Paraquat-induced alterations of phospholipids and GSSG-release in the isolated perfused rat liver, and the effect of SOD-active copper complexes

Abstract

The possibility that generation of active oxygen species and lipid peroxidation are involved in paraquat toxicity was examined through the use of the Superoxide dismutase-active, low molecular weight copper complexes Cu(tyr) 2 and Cu-penicillamine. In addition, it was investigated whether the oxidation of glutathione is directly associated with paraquat-induced lipid peroxidation. An increase in diene absorption and a decrease in phospholipids of mitochondria and microsomes isolated after perfusion of rat livers with paraquat could be observed. These effects may be explained by lipid peroxidation.
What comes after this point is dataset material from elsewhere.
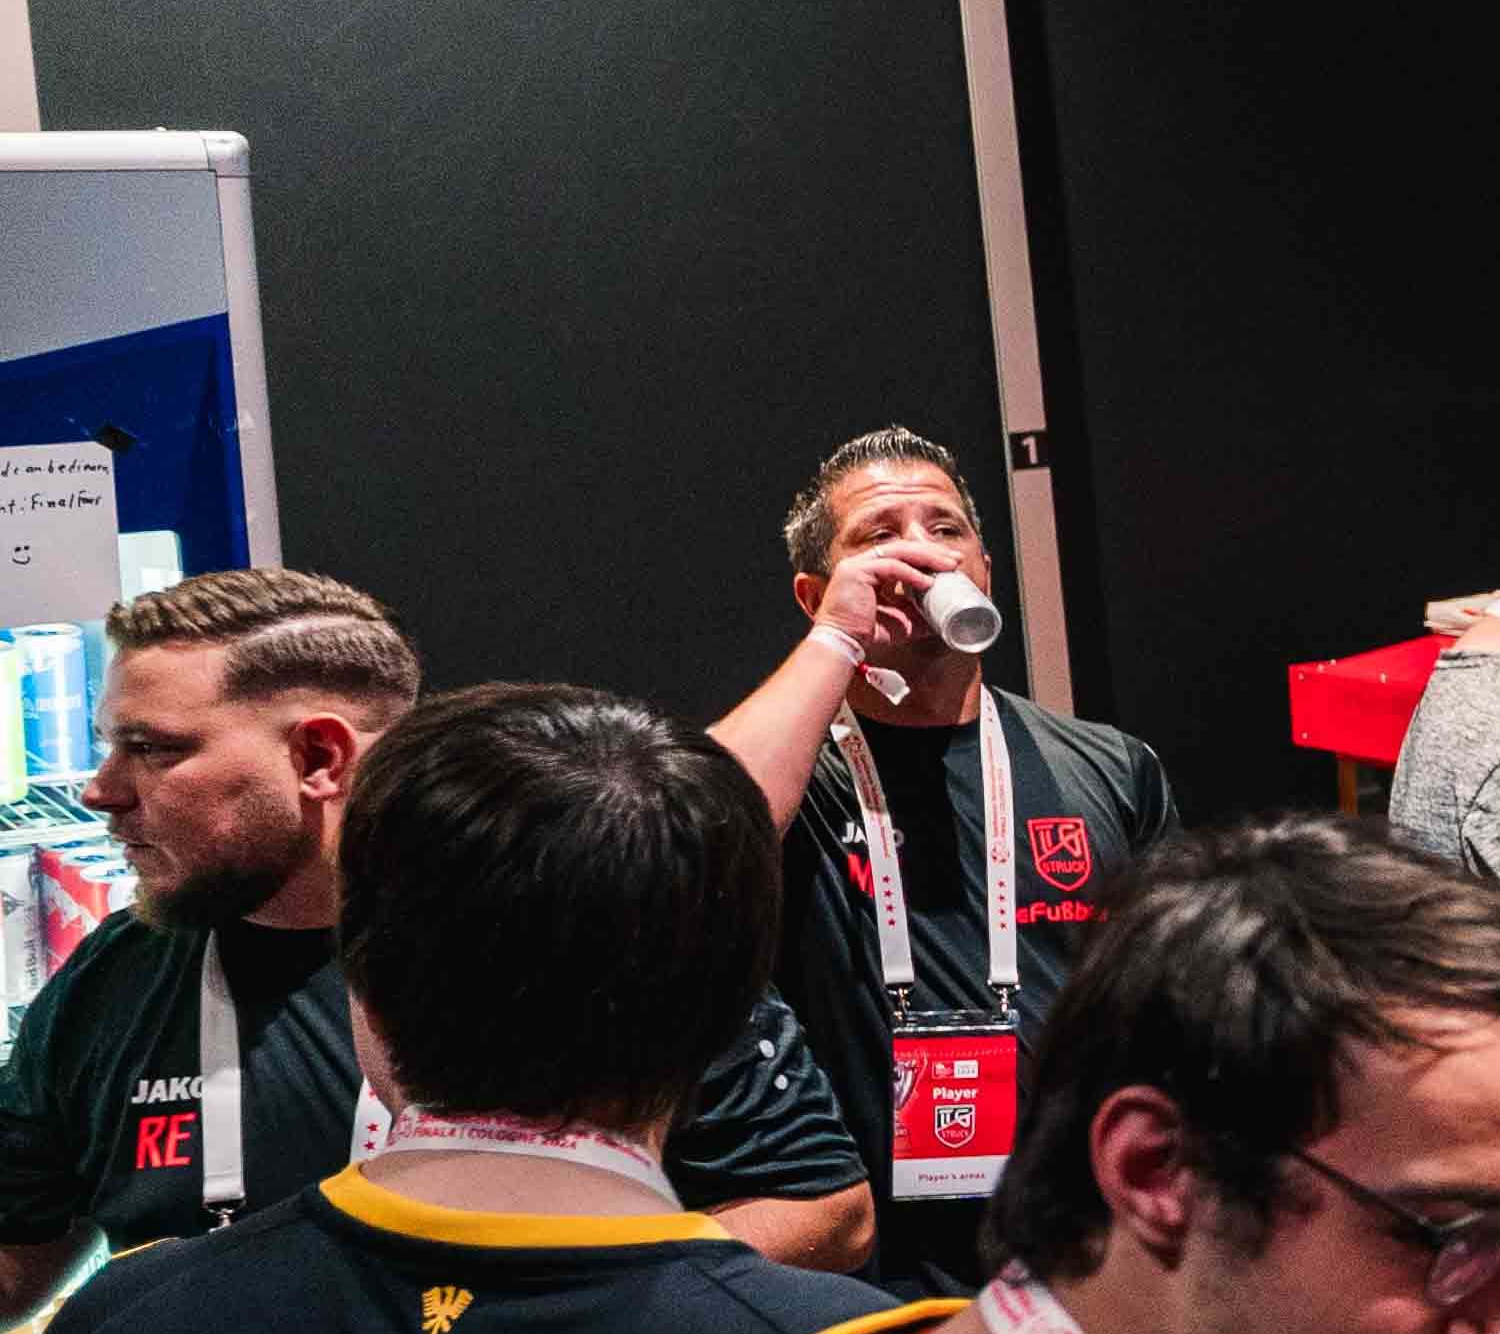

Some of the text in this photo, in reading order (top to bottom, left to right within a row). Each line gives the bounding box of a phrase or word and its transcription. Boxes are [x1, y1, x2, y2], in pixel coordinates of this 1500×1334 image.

[842, 821, 905, 848] JAO
[932, 1087, 977, 1101] Player
[136, 1113, 196, 1169] RE
Cu(tyr) 2 abolished these effects of paraquat. In contrast, the increase of GSSG-release into the perfusate upon paraquat-treatment could not be influenced by Cu-penicillamine and was only partially inhibited by Cu(tyr) 2. Therefore the GSSG-release cannot be the result of paraquat-induced generation of O 2 − or lipid peroxidation and seems more likely to be caused by the NADPH depleting action of paraquat. It is proposed that the alterations suggesting lipid peroxidation may only be observed if hepatic glutathione content decreased below a critical value.